Stadia, for everything it sounds like it has going for it, still presents some potential issues for gamers that have kept many people skeptical about whether or not the service will be able to perform. One of those potential issues is data caps, except, maybe data caps won't be an issue at all. That's what Stadia Lead Phil Harrison seems to believe.
In an interview with GameSpot, Harrison noted that he believes ISPs will continue to do what they've been doing and keep up with trends on consumer needs in regards to how much data is required for certain services, like streaming, and stay ahead of those trends by increasing caps as needed. Harrison thinks that internet service providers will do the same thing with services like Stadia.
If you consider Harrison's reasoning, it is true that data caps have increased as services like Netflix, Hulu, YouTube TV, HBO NOW and others have started to become even more mainstream over the years. Think back to when Netflix first started. Data caps were definitely lower, and now most providers have a cap of 1TB per month before you start getting slapped with slower internet speeds.
Sure, 1TB caps on data could be a real problem with services like Stadia, which offers up to 4K streaming at 60 frame per second. In fact it would only take about 65 hours of gaming before that cap was reached, and that's only if Stadia is the only streaming service you use. Even with a single person in the home chances are that they will have other services they use for streaming, such as Netflix or Spotify, which would only allow for less game streaming via Stadia as the cap would have to be split between all of those services.

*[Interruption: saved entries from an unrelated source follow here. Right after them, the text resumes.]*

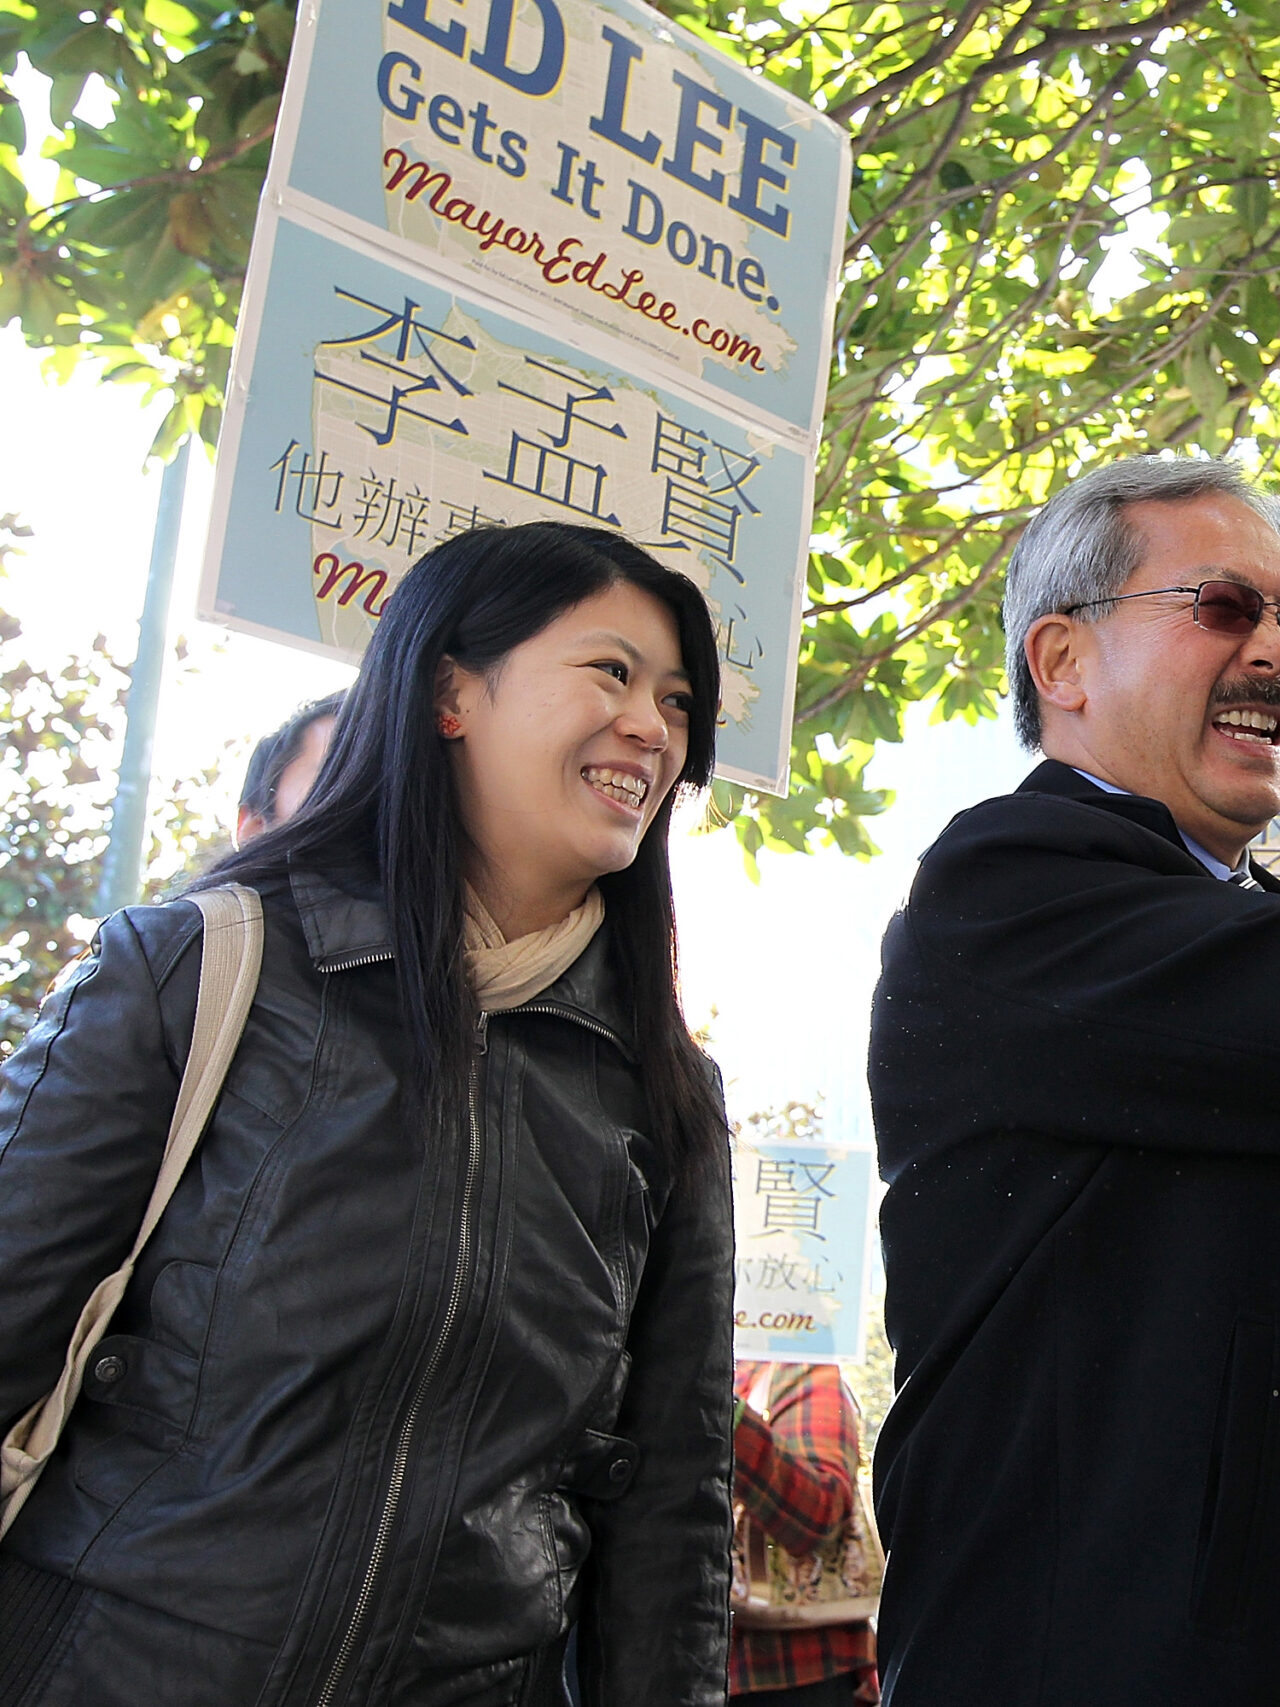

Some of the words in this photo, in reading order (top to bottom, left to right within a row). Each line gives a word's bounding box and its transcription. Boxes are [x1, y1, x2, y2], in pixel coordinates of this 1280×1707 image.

[377, 51, 528, 178] Gets
[551, 141, 604, 218] It
[623, 179, 779, 311] Done.
[589, 26, 796, 235] LEE
[384, 148, 764, 372] MayorEdLee.com
[314, 285, 762, 582] 李孟賢
[748, 1158, 837, 1242] 賢

If things go as Harrison is thinking, then this might not actually be an issue. Companies like Comcast, Cox Communications and other big internet service providers could be anticipating the needs of customers who will more than likely be hitting those caps, which is even more likely if there are more than a few people in the home and all of which are using streaming services of some kind.
This may or may not happen, and Stadia subscribers won't know until they use the service. It's also unlikely that if caps were raised that they would be increasing early on. ISPs would probably analyze how much data is being used for Stadia on a monthly basis, and calculate out any adjustments needing to be made accordingly.
It's not impossible that data caps could be a non-issue, but it wouldn't make much sense for providers to raise the data caps before knowing that most subscribers of Stadia are running up against their current data cap early in the month or well before it's over. That being said, if data caps end up not being a problem it could be a few months before customers see any changes to those caps.